What's your songwriting process?


Saturday, October 11, 2008

Mastering Your Final Mix

Ok, I so you have a great mix of your new tune, but from a volume and tonal perspective you may find yourself asking, "Why does it not stand up to my favorite songs from other professional artists?" Chances are, you're ready for a few pointers on mastering audio!

Before I get too far, IMHO, this is a process that's best left for engineers who specialize in Mastering. If there was one part of the process I'd give in and involve someone else, it would be the mastering process. But like most DYI'ers...such as either have a budget (you've spent all your money already on guitars and recording gear!) or you just have a desire to do it all!

I'm not a professional audio engineer, but I wanted to share a few tips from my recent learnings mastering the audio for songs I posted this month on this website

What is Mastering?
Mastering is the final step in the recording process, to sweeten the sonic tonality and volume of your final mix so its ready for retail. Mastering is about your entire final mix...not individual tracks. The pros have a lot of personal tricks and tools to get songs to sound clearer and better. But mostly it's equalization, compression, limiting, and cross fading to give your song a more polished "commercial" sound.

Unmastered Audio Wav Form
This image illustrates a typical wav form from a final mix. Note the dynamic nature of the file. There are loud and quiet spots throughout the mix

Mastered Audio Wav Form
This image illustrates a typical Mastered audio file. Note how the entire mix seems to hover around the same volume. This is the result of the compression that's typically applied to an audio file during the mastering process. This creates a full, even volume throughout the song.

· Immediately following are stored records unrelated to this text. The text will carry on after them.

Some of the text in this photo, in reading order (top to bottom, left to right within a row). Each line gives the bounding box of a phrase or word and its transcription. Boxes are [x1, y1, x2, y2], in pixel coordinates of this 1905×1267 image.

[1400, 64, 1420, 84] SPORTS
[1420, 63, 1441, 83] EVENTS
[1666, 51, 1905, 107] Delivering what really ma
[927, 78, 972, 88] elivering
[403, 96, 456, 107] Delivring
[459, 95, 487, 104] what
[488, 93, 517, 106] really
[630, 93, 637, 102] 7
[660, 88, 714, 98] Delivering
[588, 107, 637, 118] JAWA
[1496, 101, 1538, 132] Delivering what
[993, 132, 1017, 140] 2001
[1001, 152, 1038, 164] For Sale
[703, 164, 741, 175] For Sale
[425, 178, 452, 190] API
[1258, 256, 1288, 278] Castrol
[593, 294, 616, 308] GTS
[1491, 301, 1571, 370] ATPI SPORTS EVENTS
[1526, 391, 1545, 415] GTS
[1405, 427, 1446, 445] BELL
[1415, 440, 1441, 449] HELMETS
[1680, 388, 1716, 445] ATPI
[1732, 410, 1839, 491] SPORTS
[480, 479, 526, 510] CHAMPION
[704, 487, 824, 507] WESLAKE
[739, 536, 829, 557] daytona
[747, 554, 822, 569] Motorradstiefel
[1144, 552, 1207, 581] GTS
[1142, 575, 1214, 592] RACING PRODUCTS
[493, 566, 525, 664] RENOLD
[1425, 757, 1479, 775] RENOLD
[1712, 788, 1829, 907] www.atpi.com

#1 - Create a playlist (or CD) of favorite tunes you think your song should fit in with
Ask yourself, "What do I want my songs to sound like?" This was actually the fun part. I plowed through my iTunes library and located about five (5) or six(6) songs that closely represented how I wanted my songs to sound. Use these songs to set a bar. Every mix you make, burn it to a CD or make a playlist and place your songs right into the middle of that list. Listen to it often. You will quickly hear the shortcomings of your well as other things about your song. But don't be too harsh on yourself. You didn't want to sound exactly like them anyway!

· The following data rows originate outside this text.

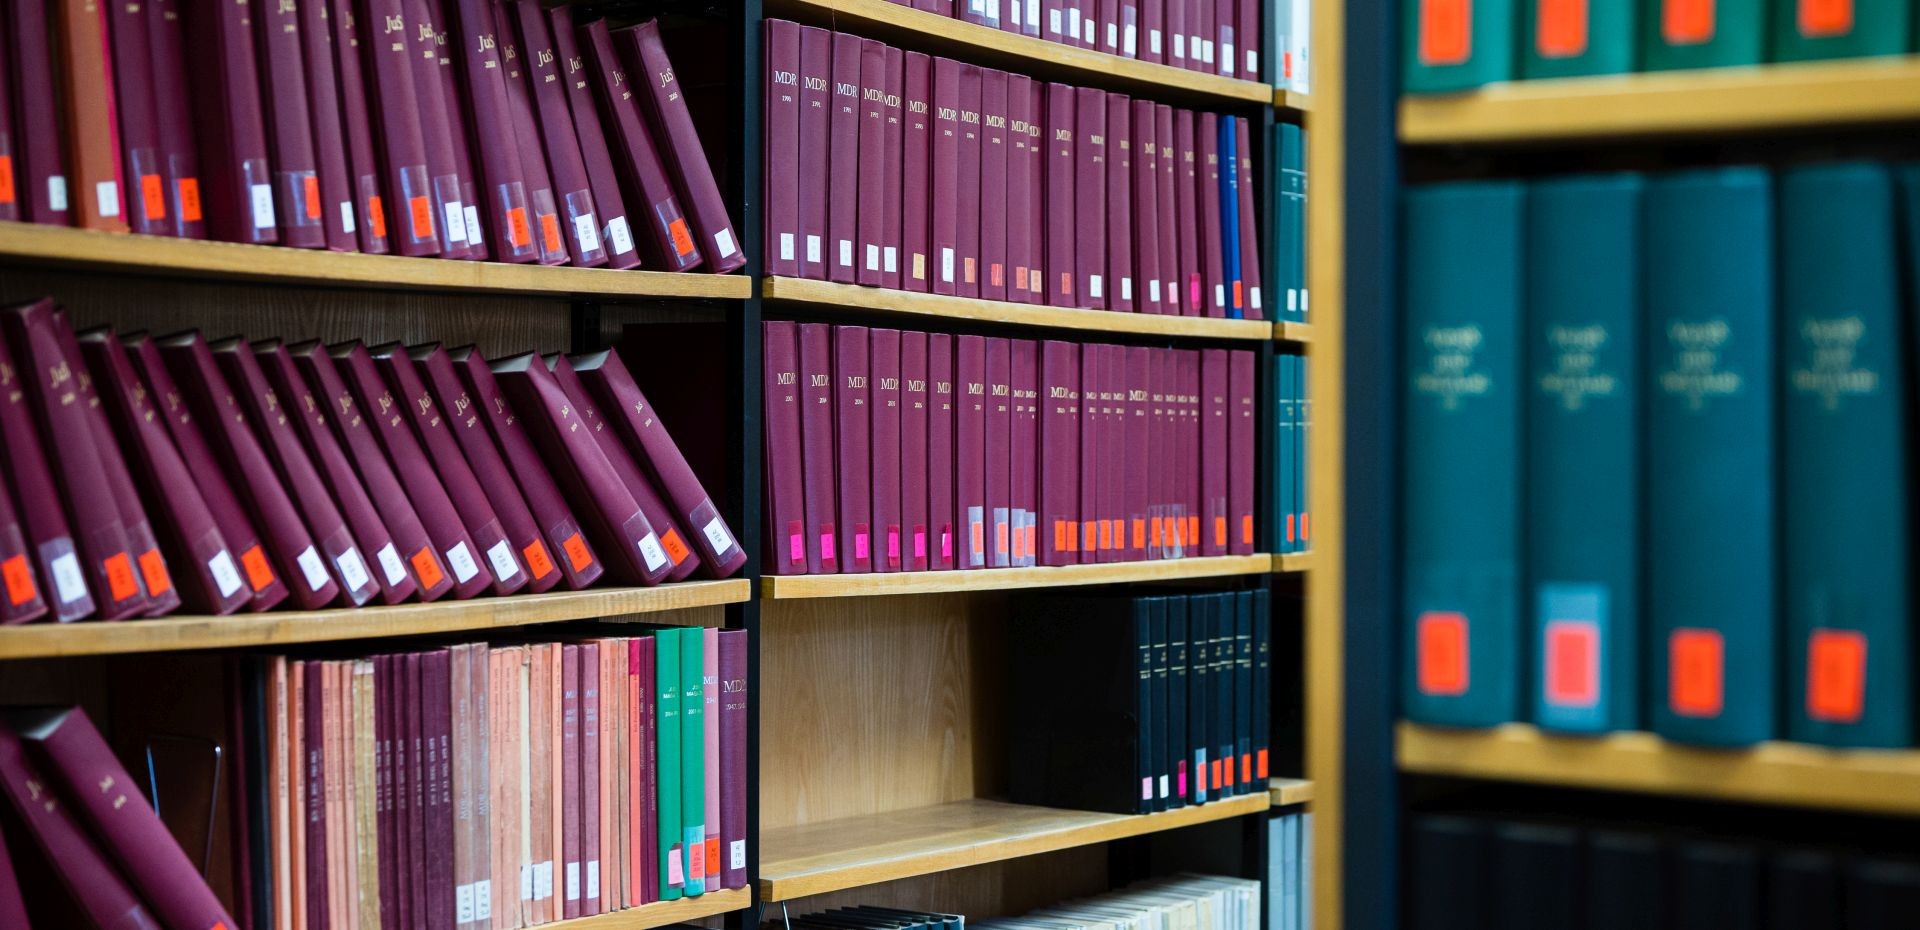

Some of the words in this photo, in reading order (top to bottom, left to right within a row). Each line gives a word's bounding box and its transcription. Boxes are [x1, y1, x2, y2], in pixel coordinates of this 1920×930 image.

[384, 14, 404, 34] JuS
[418, 23, 434, 42] JuS
[478, 33, 495, 53] JuS
[503, 45, 516, 62] JuS
[537, 48, 554, 67] JuS
[659, 67, 674, 88] JuS
[775, 71, 798, 86] MDR
[805, 77, 827, 92] MDR
[837, 83, 858, 98] MDR
[864, 88, 884, 104] MDR
[909, 100, 928, 115] MDR
[938, 107, 958, 122] MDR
[961, 110, 980, 125] MDR
[985, 115, 1006, 129] MDR
[1011, 120, 1029, 133] MDR
[777, 372, 796, 385] MDR
[848, 376, 868, 389] MDR
[881, 378, 899, 390] MDR
[908, 380, 925, 392] MDR
[455, 391, 470, 416] JuS

#2- Listen to your mastered mix on various systems
Take your CD or playlist and play it in your car, on your computer, your home stereo system, upload it to your website and stream it. Note the differences in those systems and account for it in your critque. (e.g. Car Stereos tend to be very bassy, computers can be very "tinny") Unless you are specifically targeting a perticular audio system (chances are you aren't) make a holistic assessment of your mix and determine what further work needs to be done.

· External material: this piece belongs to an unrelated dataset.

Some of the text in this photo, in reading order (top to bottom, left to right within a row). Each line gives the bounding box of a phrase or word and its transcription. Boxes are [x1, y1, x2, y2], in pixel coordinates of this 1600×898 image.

#3- Take the time to mix your audio just right...and then be prepared to remix it again after you master it
Once you do your first pass mastering your audio, you will probibly start identifying some issues with your mix, since you can now hear more. Factor this into your process. You will probibly have to return to your original mix to rebalance some of your tracks to compensate for the clarity your mastering will be bringing out in your songs.

#4- Refresh your ears
Wait a few days or weeks minimum after you have finished the mixdown to let your ears get refreshed, and listen to the track and find out what's wrong with it before getting frustrated. It's easy to get into an endless cycle of reaching for any plugins and/or outboard gear trying to fix your mix only to find out that its only getting worse...not better.

#5-Less is more
Again, avoid over saturating your mix with plugins or effects. In the end, mastering should be very transparent. Only put on what your track needs, if you can't hear anything that's wrong or you don't know how to fix it then don't do a thing and send it to someone else with more experience to master.

I mix my audio using Digidesigns ProTools 7.4 and do my mastering in Adobe Soundbooth CS3. I found Soundbooth to be a very basic application with a good array of mastering tools/setting. But not too much to get myself in trouble with. It keeps me in a good place!

Have fun!

What has your experience been mastering audio on your own? Let me know!